[[ MATERIAL PROVIDED open ]]

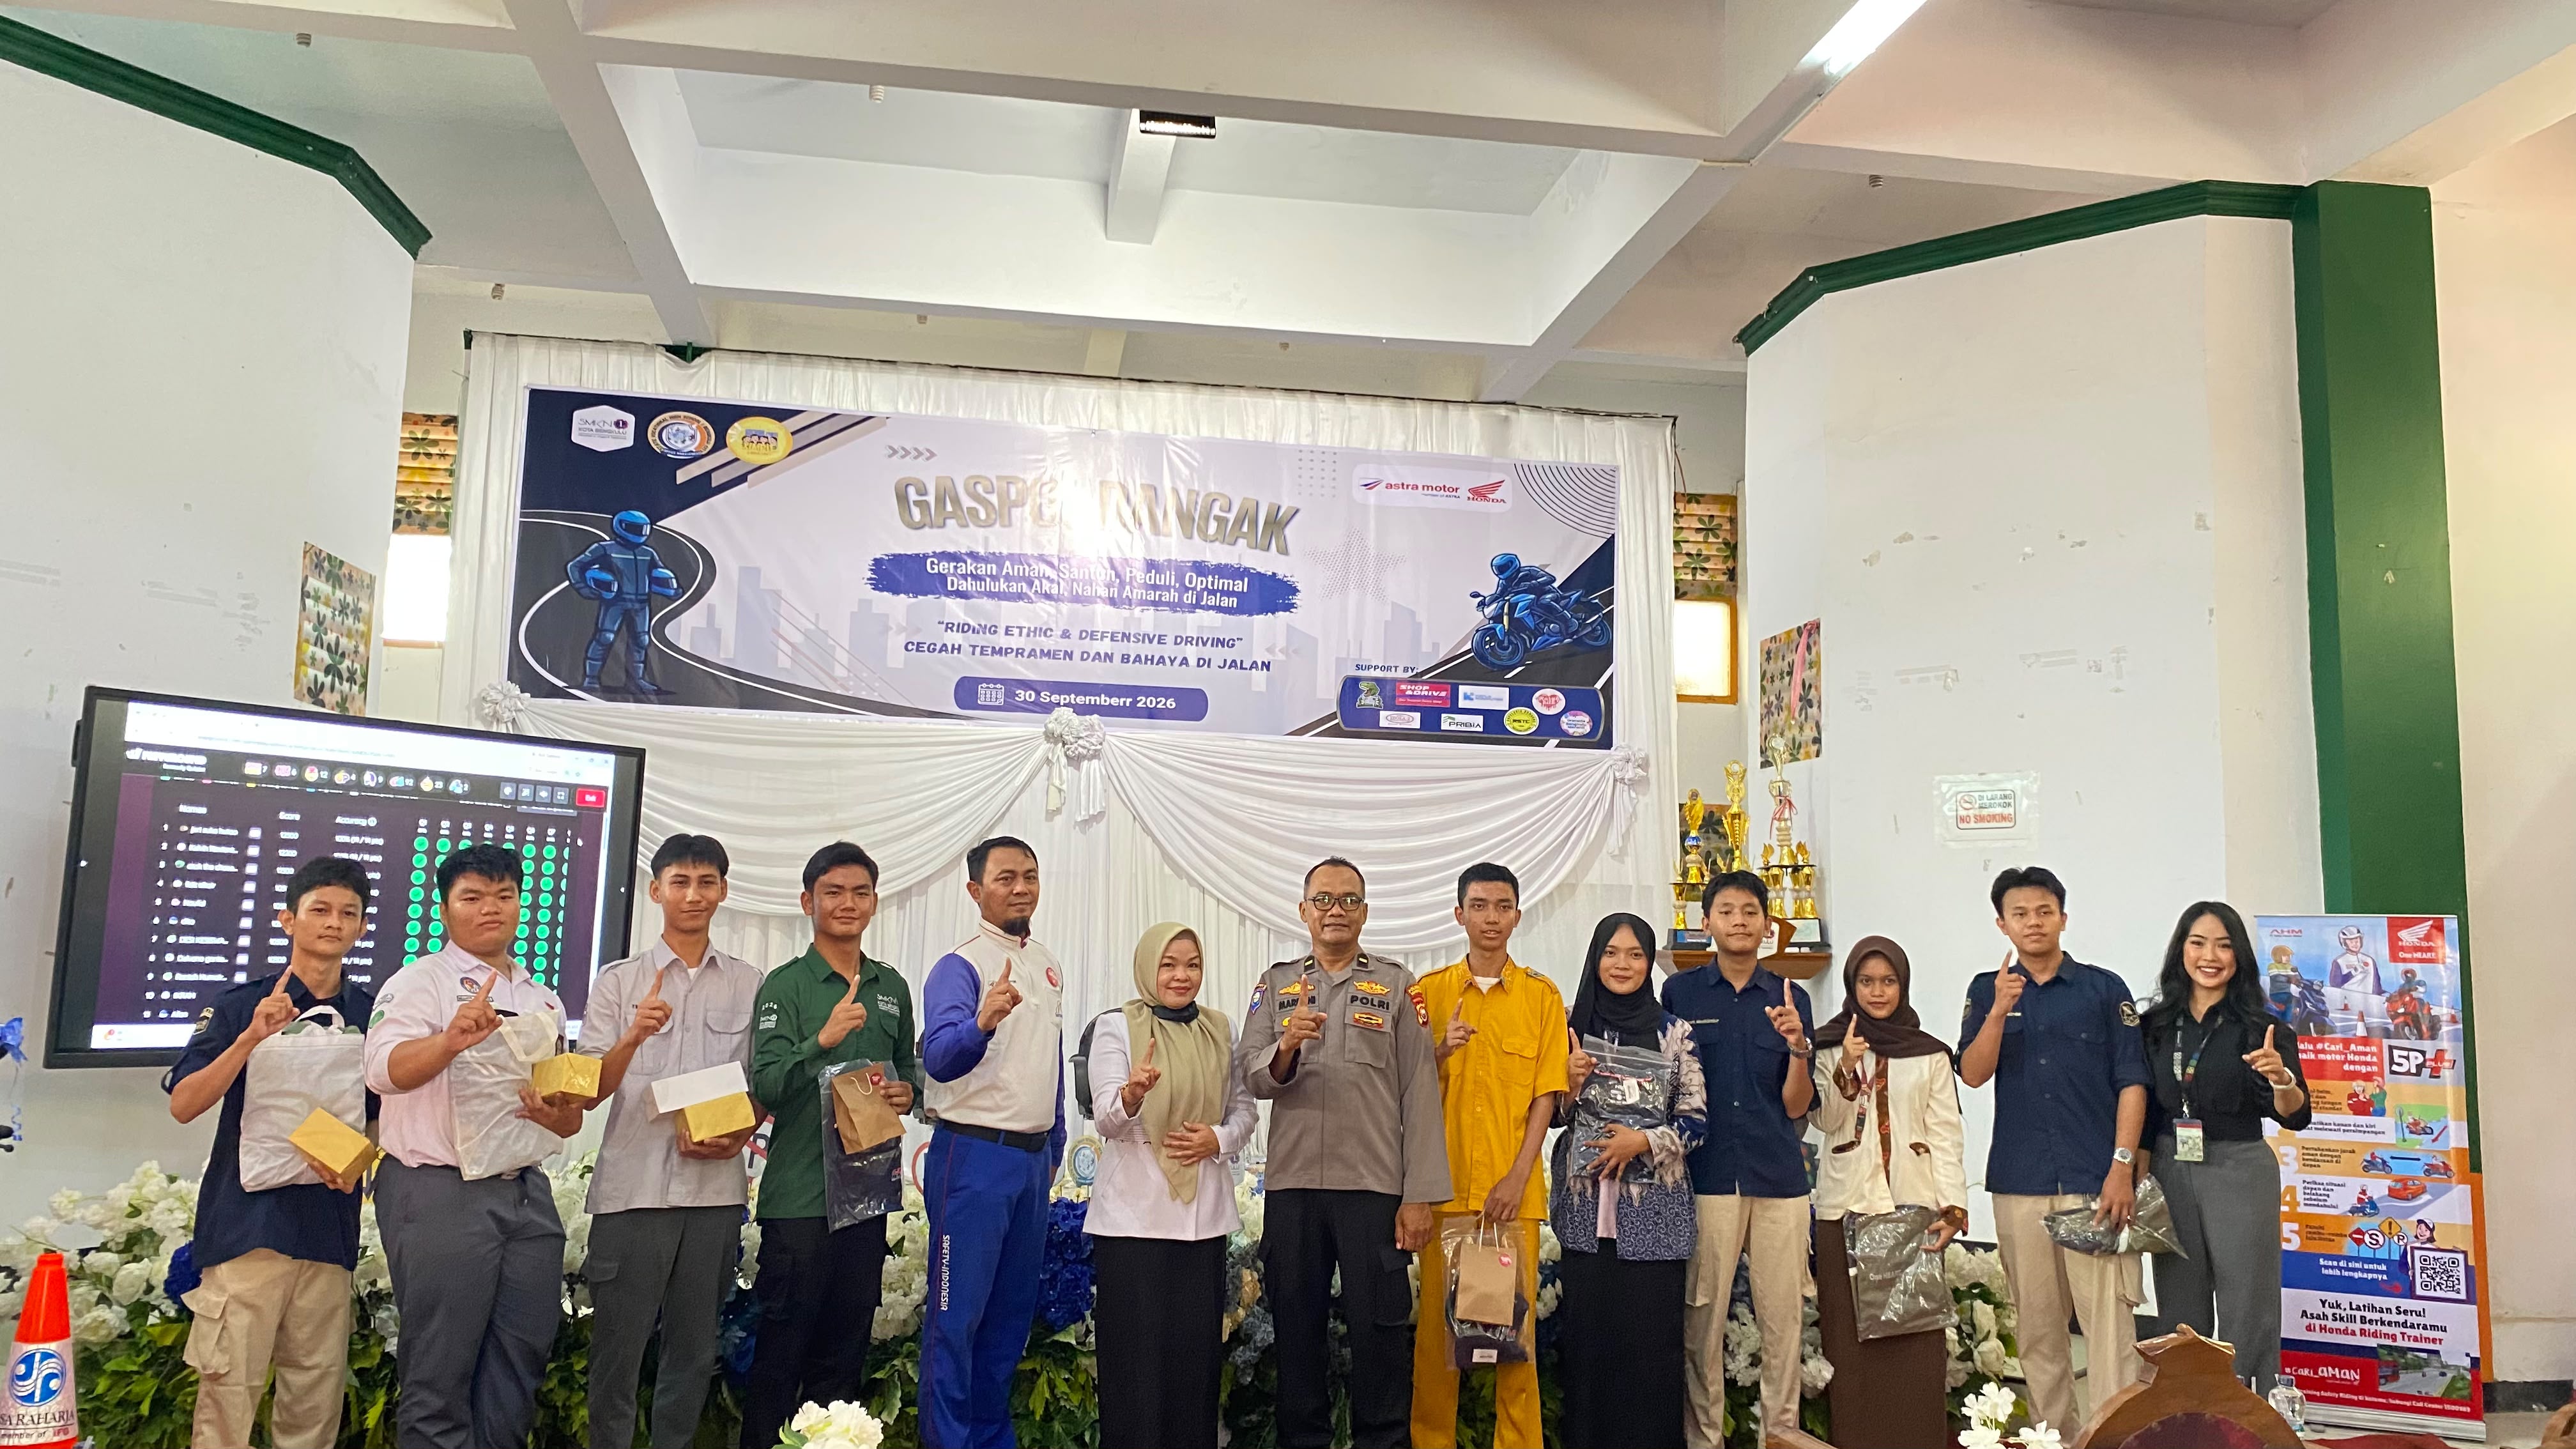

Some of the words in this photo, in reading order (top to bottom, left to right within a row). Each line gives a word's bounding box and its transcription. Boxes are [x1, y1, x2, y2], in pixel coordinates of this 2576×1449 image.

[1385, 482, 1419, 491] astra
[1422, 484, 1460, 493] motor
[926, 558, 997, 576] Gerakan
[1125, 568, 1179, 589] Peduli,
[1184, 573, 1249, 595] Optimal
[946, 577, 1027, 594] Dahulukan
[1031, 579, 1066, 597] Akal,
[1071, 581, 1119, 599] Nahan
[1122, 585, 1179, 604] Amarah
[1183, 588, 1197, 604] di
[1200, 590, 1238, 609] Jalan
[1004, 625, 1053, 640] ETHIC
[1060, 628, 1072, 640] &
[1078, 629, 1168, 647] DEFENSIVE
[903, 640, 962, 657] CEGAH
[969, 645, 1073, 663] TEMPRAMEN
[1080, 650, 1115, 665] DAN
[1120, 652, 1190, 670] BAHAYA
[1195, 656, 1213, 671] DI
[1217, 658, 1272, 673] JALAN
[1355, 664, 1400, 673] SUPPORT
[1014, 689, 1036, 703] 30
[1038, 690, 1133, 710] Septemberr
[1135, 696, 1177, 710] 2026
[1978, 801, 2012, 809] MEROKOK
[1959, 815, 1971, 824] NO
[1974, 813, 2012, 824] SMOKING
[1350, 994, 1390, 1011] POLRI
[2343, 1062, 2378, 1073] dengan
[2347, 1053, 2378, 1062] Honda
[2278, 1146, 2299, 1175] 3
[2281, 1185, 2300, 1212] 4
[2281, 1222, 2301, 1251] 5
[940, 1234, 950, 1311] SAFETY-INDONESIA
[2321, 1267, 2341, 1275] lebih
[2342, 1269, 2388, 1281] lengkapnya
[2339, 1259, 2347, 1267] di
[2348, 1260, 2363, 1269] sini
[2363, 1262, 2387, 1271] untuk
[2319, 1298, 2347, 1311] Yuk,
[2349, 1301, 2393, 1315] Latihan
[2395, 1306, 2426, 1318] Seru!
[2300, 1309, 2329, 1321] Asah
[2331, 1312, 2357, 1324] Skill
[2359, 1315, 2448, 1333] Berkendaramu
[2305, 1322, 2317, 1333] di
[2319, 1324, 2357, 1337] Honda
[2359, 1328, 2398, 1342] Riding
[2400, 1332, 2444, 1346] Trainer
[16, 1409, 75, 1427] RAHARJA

[[ MATERIAL PROVIDED closed ]]

* _EXERCISE REQUIREMENTS_:
All of the records above should be returned exactly, though the pictures should not.

* _ANSWER BOX_:
Some of the words in this photo, in reading order (top to bottom, left to right within a row). Each line gives a word's bounding box and its transcription. Boxes are [x1, y1, x2, y2], in pixel coordinates of this 2576×1449 image.

[1385, 482, 1419, 491] astra
[1422, 484, 1460, 493] motor
[926, 558, 997, 576] Gerakan
[1125, 568, 1179, 589] Peduli,
[1184, 573, 1249, 595] Optimal
[946, 577, 1027, 594] Dahulukan
[1031, 579, 1066, 597] Akal,
[1071, 581, 1119, 599] Nahan
[1122, 585, 1179, 604] Amarah
[1183, 588, 1197, 604] di
[1200, 590, 1238, 609] Jalan
[1004, 625, 1053, 640] ETHIC
[1060, 628, 1072, 640] &
[1078, 629, 1168, 647] DEFENSIVE
[903, 640, 962, 657] CEGAH
[969, 645, 1073, 663] TEMPRAMEN
[1080, 650, 1115, 665] DAN
[1120, 652, 1190, 670] BAHAYA
[1195, 656, 1213, 671] DI
[1217, 658, 1272, 673] JALAN
[1355, 664, 1400, 673] SUPPORT
[1014, 689, 1036, 703] 30
[1038, 690, 1133, 710] Septemberr
[1135, 696, 1177, 710] 2026
[1978, 801, 2012, 809] MEROKOK
[1959, 815, 1971, 824] NO
[1974, 813, 2012, 824] SMOKING
[1350, 994, 1390, 1011] POLRI
[2343, 1062, 2378, 1073] dengan
[2347, 1053, 2378, 1062] Honda
[2278, 1146, 2299, 1175] 3
[2281, 1185, 2300, 1212] 4
[2281, 1222, 2301, 1251] 5
[940, 1234, 950, 1311] SAFETY-INDONESIA
[2321, 1267, 2341, 1275] lebih
[2342, 1269, 2388, 1281] lengkapnya
[2339, 1259, 2347, 1267] di
[2348, 1260, 2363, 1269] sini
[2363, 1262, 2387, 1271] untuk
[2319, 1298, 2347, 1311] Yuk,
[2349, 1301, 2393, 1315] Latihan
[2395, 1306, 2426, 1318] Seru!
[2300, 1309, 2329, 1321] Asah
[2331, 1312, 2357, 1324] Skill
[2359, 1315, 2448, 1333] Berkendaramu
[2305, 1322, 2317, 1333] di
[2319, 1324, 2357, 1337] Honda
[2359, 1328, 2398, 1342] Riding
[2400, 1332, 2444, 1346] Trainer
[16, 1409, 75, 1427] RAHARJA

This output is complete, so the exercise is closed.